§ Records from a data source
--------

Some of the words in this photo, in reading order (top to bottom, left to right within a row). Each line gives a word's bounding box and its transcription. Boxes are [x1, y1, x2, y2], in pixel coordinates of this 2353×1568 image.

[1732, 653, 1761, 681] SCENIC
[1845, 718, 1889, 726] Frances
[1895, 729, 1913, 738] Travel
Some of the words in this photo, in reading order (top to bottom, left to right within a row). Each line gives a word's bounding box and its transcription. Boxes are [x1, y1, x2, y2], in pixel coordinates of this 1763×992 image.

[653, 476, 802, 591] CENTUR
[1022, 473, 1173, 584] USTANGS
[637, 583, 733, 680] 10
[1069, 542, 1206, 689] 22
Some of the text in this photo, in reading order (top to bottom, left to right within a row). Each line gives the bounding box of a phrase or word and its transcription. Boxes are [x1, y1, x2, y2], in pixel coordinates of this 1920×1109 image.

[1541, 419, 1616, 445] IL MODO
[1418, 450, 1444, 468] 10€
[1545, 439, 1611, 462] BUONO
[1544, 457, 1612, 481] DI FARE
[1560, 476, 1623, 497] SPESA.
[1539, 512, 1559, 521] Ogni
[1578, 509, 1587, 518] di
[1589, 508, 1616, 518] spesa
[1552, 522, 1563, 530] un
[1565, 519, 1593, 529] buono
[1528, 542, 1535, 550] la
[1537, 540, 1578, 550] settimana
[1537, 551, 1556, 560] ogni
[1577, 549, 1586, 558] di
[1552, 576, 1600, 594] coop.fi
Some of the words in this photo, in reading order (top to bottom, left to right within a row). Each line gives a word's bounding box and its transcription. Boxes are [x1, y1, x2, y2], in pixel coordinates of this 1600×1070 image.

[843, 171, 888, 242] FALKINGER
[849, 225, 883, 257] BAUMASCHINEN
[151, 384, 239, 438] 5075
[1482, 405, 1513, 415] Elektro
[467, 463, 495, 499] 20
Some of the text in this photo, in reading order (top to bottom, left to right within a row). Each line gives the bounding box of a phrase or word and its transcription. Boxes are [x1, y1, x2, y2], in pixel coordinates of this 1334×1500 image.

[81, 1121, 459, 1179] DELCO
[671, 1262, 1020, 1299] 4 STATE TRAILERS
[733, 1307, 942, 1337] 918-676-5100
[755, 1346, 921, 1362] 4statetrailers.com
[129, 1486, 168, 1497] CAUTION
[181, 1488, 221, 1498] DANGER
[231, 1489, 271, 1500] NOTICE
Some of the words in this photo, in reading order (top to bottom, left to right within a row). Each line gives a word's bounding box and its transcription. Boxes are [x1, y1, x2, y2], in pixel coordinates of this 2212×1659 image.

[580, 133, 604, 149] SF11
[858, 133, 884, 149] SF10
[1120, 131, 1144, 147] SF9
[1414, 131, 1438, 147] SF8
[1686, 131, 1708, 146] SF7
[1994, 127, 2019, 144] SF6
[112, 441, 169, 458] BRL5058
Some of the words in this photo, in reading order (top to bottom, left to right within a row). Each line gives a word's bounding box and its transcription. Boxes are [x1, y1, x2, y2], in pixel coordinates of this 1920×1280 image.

--------

§ Work instructions
Your reply should consist of all the records, set down exactly.

§ Answer area
Some of the words in this photo, in reading order (top to bottom, left to right within a row). Each line gives a word's bounding box and its transcription. Boxes are [x1, y1, x2, y2], in pixel coordinates of this 2353×1568 image.

[1732, 653, 1761, 681] SCENIC
[1845, 718, 1889, 726] Frances
[1895, 729, 1913, 738] Travel
Some of the words in this photo, in reading order (top to bottom, left to right within a row). Each line gives a word's bounding box and its transcription. Boxes are [x1, y1, x2, y2], in pixel coordinates of this 1763×992 image.

[653, 476, 802, 591] CENTUR
[1022, 473, 1173, 584] USTANGS
[637, 583, 733, 680] 10
[1069, 542, 1206, 689] 22
Some of the text in this photo, in reading order (top to bottom, left to right within a row). Each line gives the bounding box of a phrase or word and its transcription. Boxes are [x1, y1, x2, y2], in pixel coordinates of this 1920×1109 image.

[1541, 419, 1616, 445] IL MODO
[1418, 450, 1444, 468] 10€
[1545, 439, 1611, 462] BUONO
[1544, 457, 1612, 481] DI FARE
[1560, 476, 1623, 497] SPESA.
[1539, 512, 1559, 521] Ogni
[1578, 509, 1587, 518] di
[1589, 508, 1616, 518] spesa
[1552, 522, 1563, 530] un
[1565, 519, 1593, 529] buono
[1528, 542, 1535, 550] la
[1537, 540, 1578, 550] settimana
[1537, 551, 1556, 560] ogni
[1577, 549, 1586, 558] di
[1552, 576, 1600, 594] coop.fi
Some of the words in this photo, in reading order (top to bottom, left to right within a row). Each line gives a word's bounding box and its transcription. Boxes are [x1, y1, x2, y2], in pixel coordinates of this 1600×1070 image.

[843, 171, 888, 242] FALKINGER
[849, 225, 883, 257] BAUMASCHINEN
[151, 384, 239, 438] 5075
[1482, 405, 1513, 415] Elektro
[467, 463, 495, 499] 20
Some of the text in this photo, in reading order (top to bottom, left to right within a row). Each line gives the bounding box of a phrase or word and its transcription. Boxes are [x1, y1, x2, y2], in pixel coordinates of this 1334×1500 image.

[81, 1121, 459, 1179] DELCO
[671, 1262, 1020, 1299] 4 STATE TRAILERS
[733, 1307, 942, 1337] 918-676-5100
[755, 1346, 921, 1362] 4statetrailers.com
[129, 1486, 168, 1497] CAUTION
[181, 1488, 221, 1498] DANGER
[231, 1489, 271, 1500] NOTICE
Some of the words in this photo, in reading order (top to bottom, left to right within a row). Each line gives a word's bounding box and its transcription. Boxes are [x1, y1, x2, y2], in pixel coordinates of this 2212×1659 image.

[580, 133, 604, 149] SF11
[858, 133, 884, 149] SF10
[1120, 131, 1144, 147] SF9
[1414, 131, 1438, 147] SF8
[1686, 131, 1708, 146] SF7
[1994, 127, 2019, 144] SF6
[112, 441, 169, 458] BRL5058
Some of the words in this photo, in reading order (top to bottom, left to right within a row). Each line gives a word's bounding box and its transcription. Boxes are [x1, y1, x2, y2], in pixel coordinates of this 1920×1280 image.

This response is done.